- The Washington Times - Thursday, May 16, 2002

ASSOCIATED PRESS
Consumer prices shot up in April by the largest percentage in nearly a year, especially hitting the wallets of motorists, air passengers, hospital patients and smokers.
One of the government's most closely watched inflation gauges the Consumer Price Index jumped 0.5 percent last month, following a 0.3 percent advance, the Labor Department reported yesterday.
Higher costs for gasoline, air fares, hospital services and tobacco were the biggest culprits behind last month's sharp rise.
"Consumers saw their purchasing power erode last month," said Lynn Reaser, chief economist for Banc of America Capital Management. "Consumers want to stay ahead of inflation, but in April, many of them probably did lose some ground."
The core rate of inflation, excluding volatile energy and food prices, rose 0.3 percent last month, up from a tiny 0.1 percent increase.
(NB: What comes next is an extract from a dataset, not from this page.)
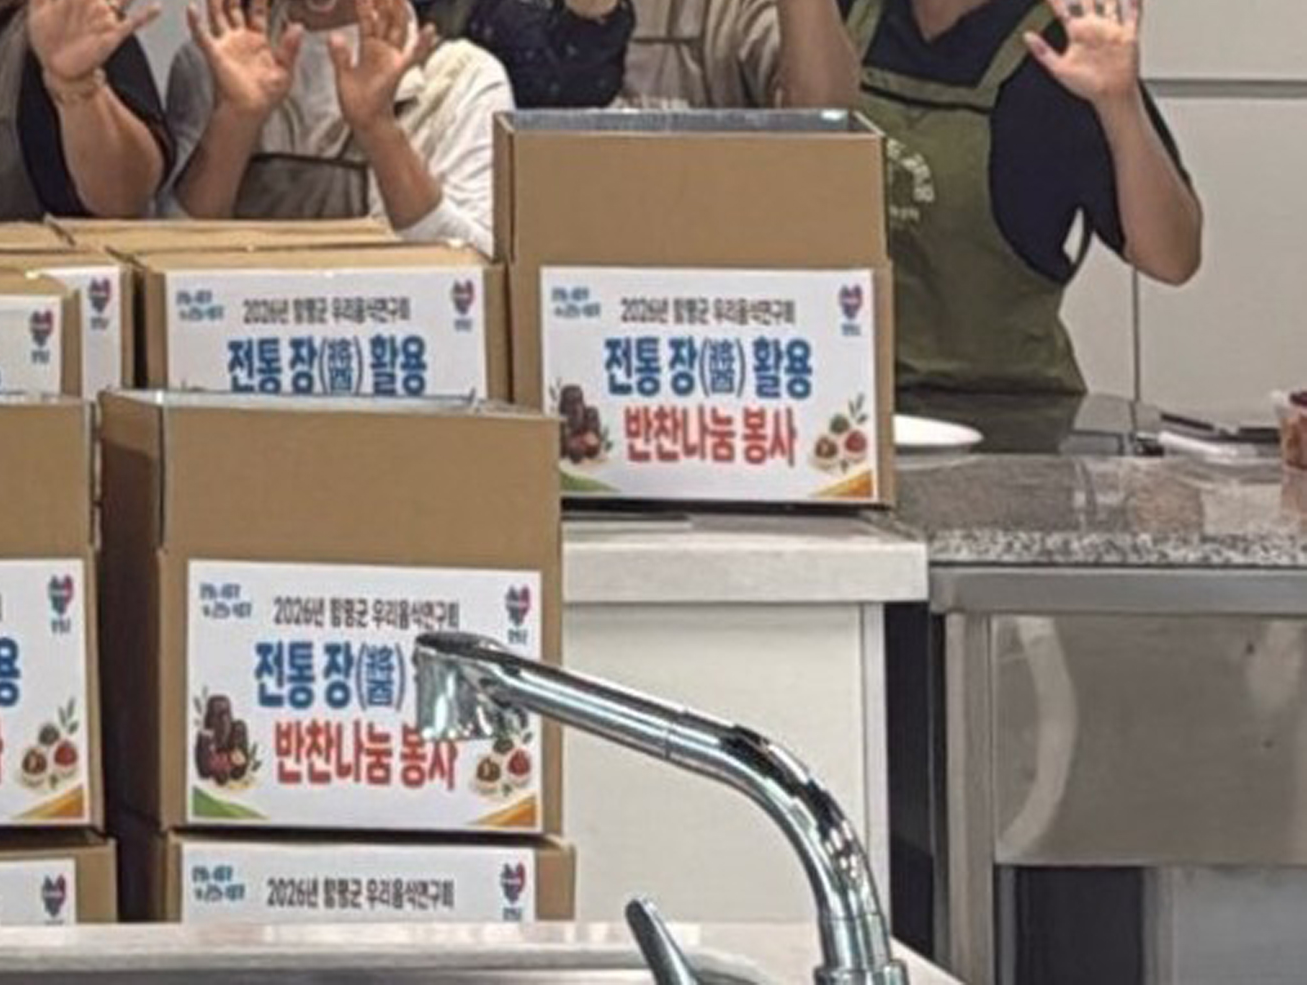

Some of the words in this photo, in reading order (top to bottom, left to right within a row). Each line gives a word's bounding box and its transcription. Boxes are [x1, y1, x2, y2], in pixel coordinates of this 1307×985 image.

"I think it shows the continued split personality of inflation: Goods prices are dormant but service prices are showing signs of bubbling a bit," said Tim O'Neill, chief economist with Bank of Montreal.
Still, economists didn't believe the increase in consumer prices last month should sound alarm bells for shoppers or for the economy. For the most part, economists aren't expecting inflation to become a problem. While the outlook for energy prices, which have pushed higher on tensions in the Middle East, is more of a wild card, economists don't foresee dramatic price increases.
Although companies whose profits took a hit during last year's recession may be itching to raise prices, many will probably be restrained by competition and cheaper imported goods flowing into the United States, economists said.
Price increases should also be restrained by worries about how consumers who kept on buying throughout the slump will hold up coming out of it, they added.
In other economic news, industrial output increased for the fourth straight month, rising 0.4 percent in April, the Federal Reserve said. Makers of automobiles, home electronics and computers all reported solid gains.
Businesses also reduced their stocks of unsold goods in March by 0.3 percent, the 14th straight monthly decline, the Commerce Department said. As stockpiles are depleted, factories must boost production to meet demand, which bodes well for economic growth.
Economists said all three reports suggest that the economic recovery is on track and proceeding at a moderate not sizzling pace.
In the inflation report, the 0.5 percent in consumer prices was the biggest rise since May 2001.
Energy prices, which rose 4.5 percent last month as global output of crude oil shrank, had a big influence in the rise.
Gasoline prices jumped 10.1 percent, the largest increase since June 2000, partly reflecting the higher crude oil costs. Even with the increase, gasoline is 9 percent cheaper than it was a year ago.
Air fares went up 0.9 percent last month as airlines removed some of the deep discounts that they had put in place last year to lure flyers after the September 11 attacks.
Charges for hospital and related services rose 1.1 percent, the biggest increase since November 1990.
Hospital charges are up 8.6 percent from last year.
Consolidations and closings of hospitals have reduced the number of unused beds, helping to lift prices, economists said. Increased demand for new, higher-priced medical procedures and tests and growing demand from an aging population also contributed to the rise, they said.
Prices for tobacco products climbed 6.5 percent, the largest gain since September 1999. That increase, economists said, reflects some state tax increases, wholesale price increases and reduced discounts from some major brands.
There were still some bargains to be found last month. Prices for clothes fell 0.6 percent. Car prices dipped 0.2 percent and computer and telephone prices each declined by 0.9 percent.
Food prices edged up just 0.1 percent in April. Prices for vegetables, fruits, poultry, pork and dairy products all went down.
Citing uncertainties about the vitality of the recovery, the Federal Reserve last week left short-term interest rates unchanged at 40-year lows. Fed Chairman Alan Greenspan has said generally low inflation gives policy-makers the luxury of waiting to see how the recovery unfolds before boosting rates.